Recently however, an article by David Dayen of the New Republic exposed something very troubling, and it flew all over the list serves we all review.
It ain’t illegal and that may be the most troubling thing about it. Apparently, Antonio Weiss, the man nominated to be Under Secretary of the Treasury for domestic finance and now serving as counselor to the Secretary of the Treasury, acknowledged that he would be paid—wait for it—$21 Million dollars in “invested income and deferred compensation” by his former employer to serve in the government. His former employer is an investment bank, just in case you thought he somehow was getting this money from an unrelated industry. Indeed, when he was nominated for the undersecretary position I heard pundits talk about the need for subject matter expertise within the Treasury Department. Maybe that expertise comes at a price.
The reporter who broke the story wrote that Mr. Weiss would likely still be entitled to the money in his current position of Counselor to the Secretary of the Treasury.
Even more worrisome, the article claims such payments are “routine” at major banks.
Now look, people have to eat. People are in my view entitled to go from one job to another. There may be no connection here whatsoever to recent news that the Banks are lobbying to get regulations on Federal Housing Authority Insurance loosened so that if they make a mistake nobody could sue them. It may be a mere coincidence that the rules regarding mortgage servicing duties give an awful lot of wiggle room to the banks who service mortgages even when they screw up. The regulations in any government agency can hold the key to a successful case against a company bent on defrauding the government. If the regulations are too loose, it can be hard to sue. Hence the False Claims lawyers concern as to who is in charge of which policies here.

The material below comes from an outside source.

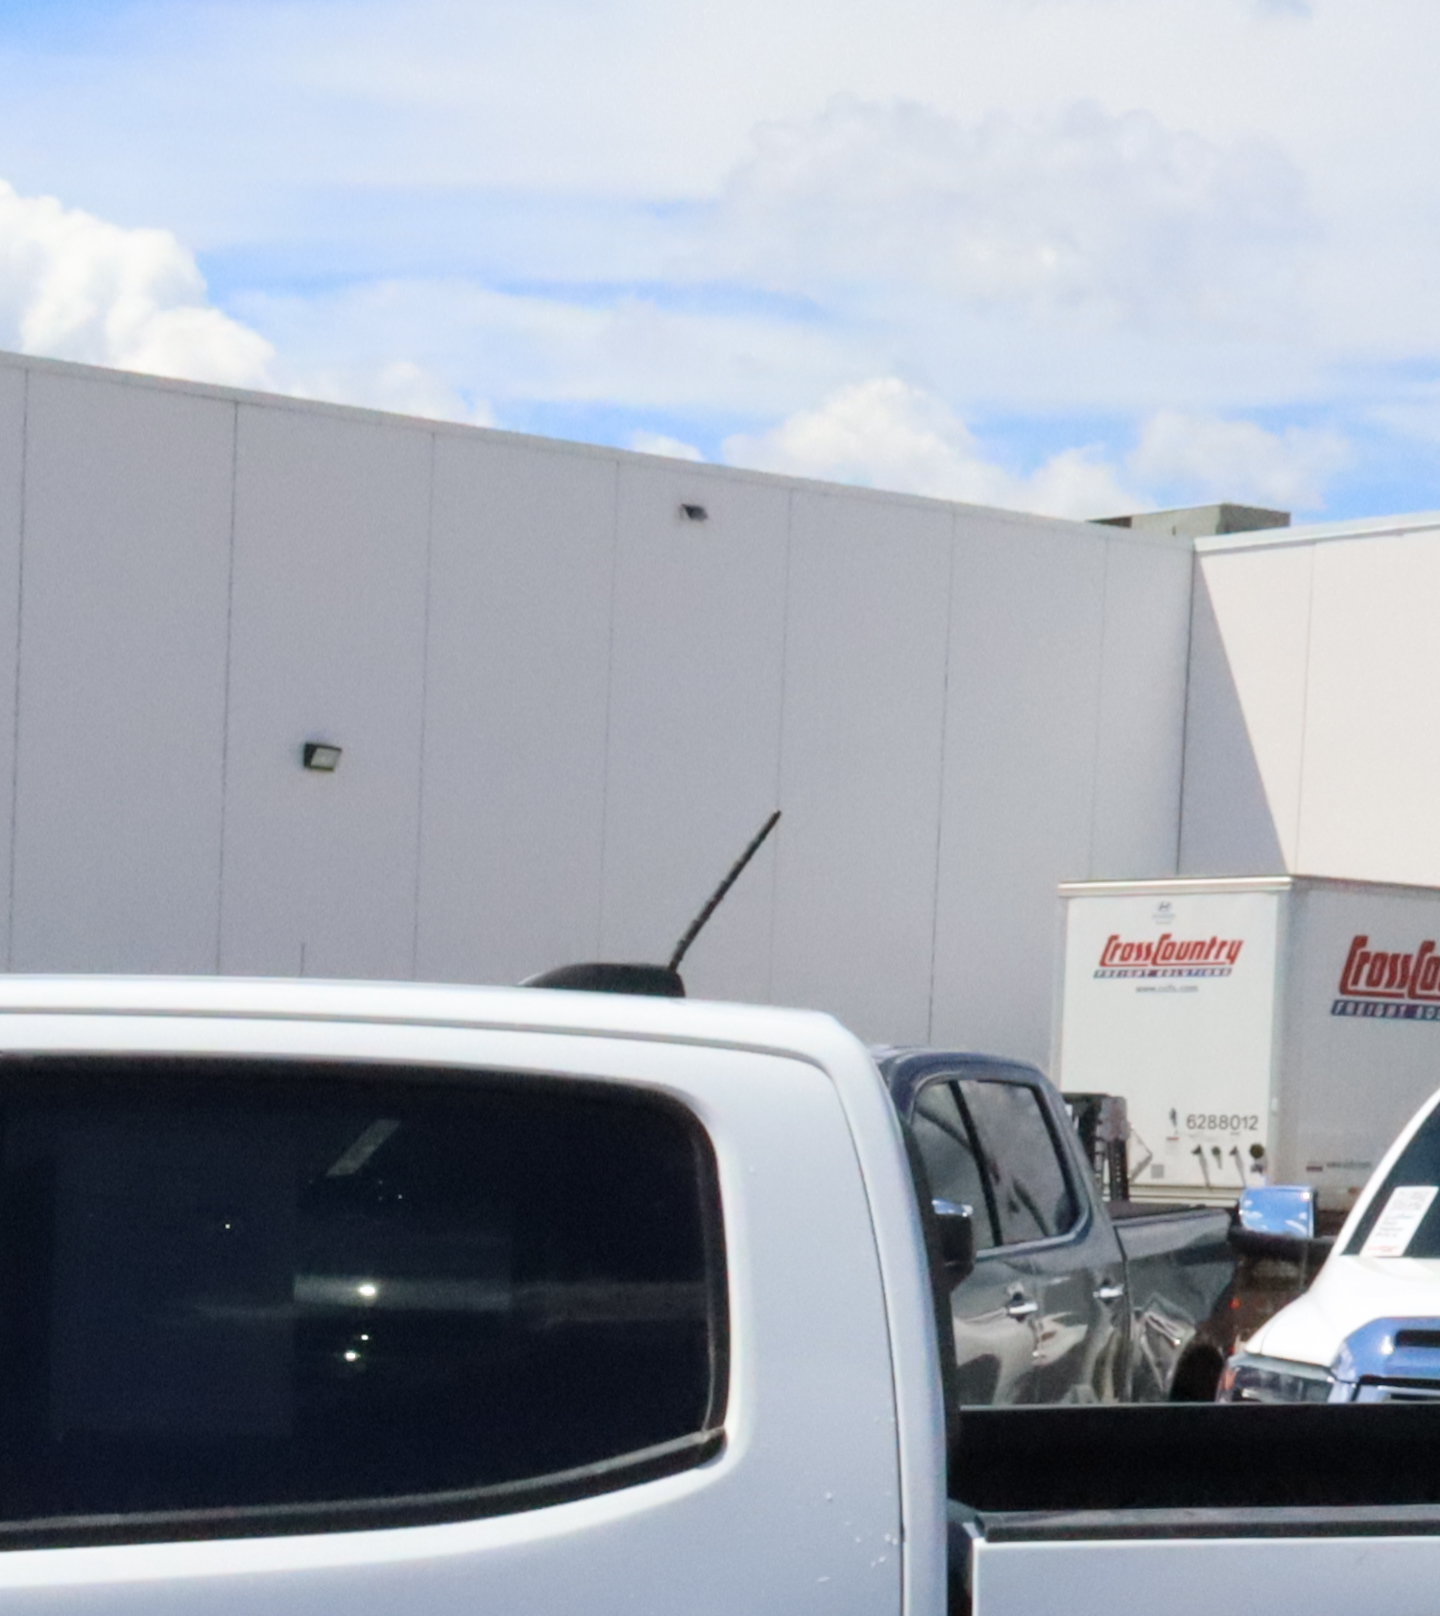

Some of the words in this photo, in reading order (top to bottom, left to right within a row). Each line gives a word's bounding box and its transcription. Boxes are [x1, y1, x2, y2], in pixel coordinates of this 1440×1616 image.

[1099, 934, 1243, 967] CrossCountry
[1332, 1001, 1409, 1019] FREIGHT
[1186, 1114, 1259, 1131] 6288012
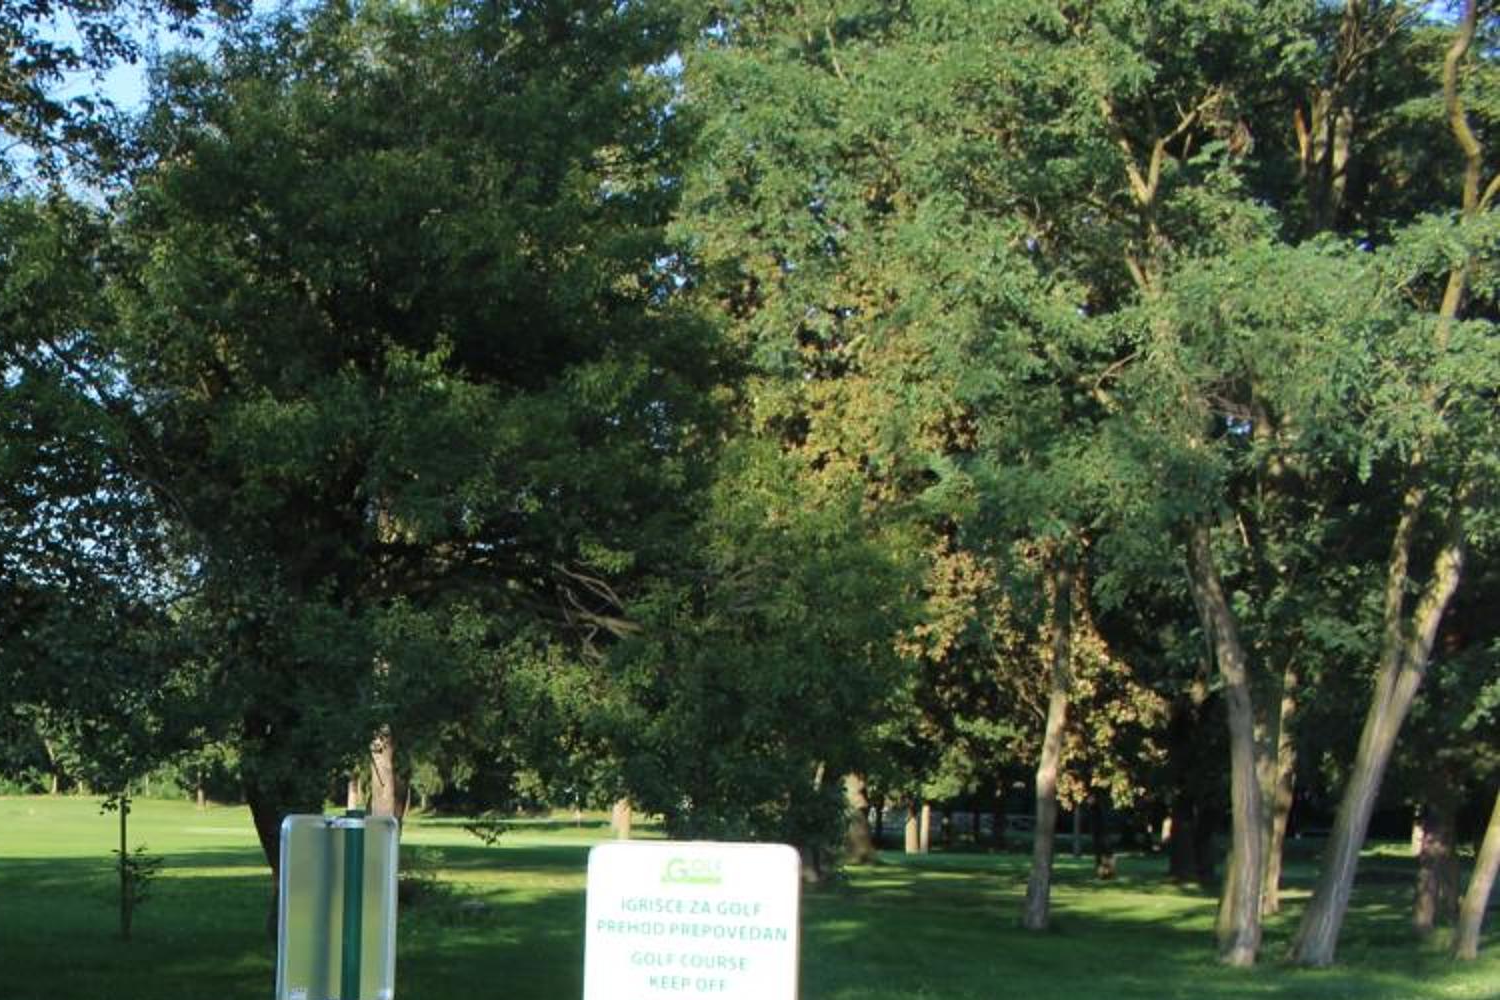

Hey, I supported bailing out the Banks when they were about to collapse in 2007, too. I bought and still buy the argument that we need a financial sector to have an economy.
However, at some point this looks like something…well, rotten.
$21 Million is not taking a tip. It is a little difficult to believe that the regulations promulgated by the treasury and the decisions being made by the Treasury reflect the average citizen’s concerns when the plutocrats serving there not only come from big banks but also get big money from big banks to go work at the Treasury Department.
Once Mr. Weiss takes the position, do you think it’s possible that he would not take a call from the Chairman of his investment bank? Even when that bank is continuing to pay him $21 Million Dollars?
It all is apparently legal. Nobody is saying anything different. Nobody even has any evidence that anyone has done anything…err…wrong, but on the other hand, the banks won’t say much about it.
I predict we will see a wave of denials and explanations, like: the Treasury is really complicated and only a few people understand how anything works and as a result those people are highly compensated. It’s true that these people would be paid a lot if they did not enter government service, and gee, it’s only fair that they not suffer in the service of their country.
I don’t see the banks paying $21 Million to Mr. Weiss if he decides to serve his government by entering the military reserve or becoming a park ranger, however.
Is it really a coincidence that this happens with people who decide to go from an investment bank to serve in the Treasury Department?
This arrangement raises way too many questions when we look at it from the standpoint of trying to fight fraud in the United States.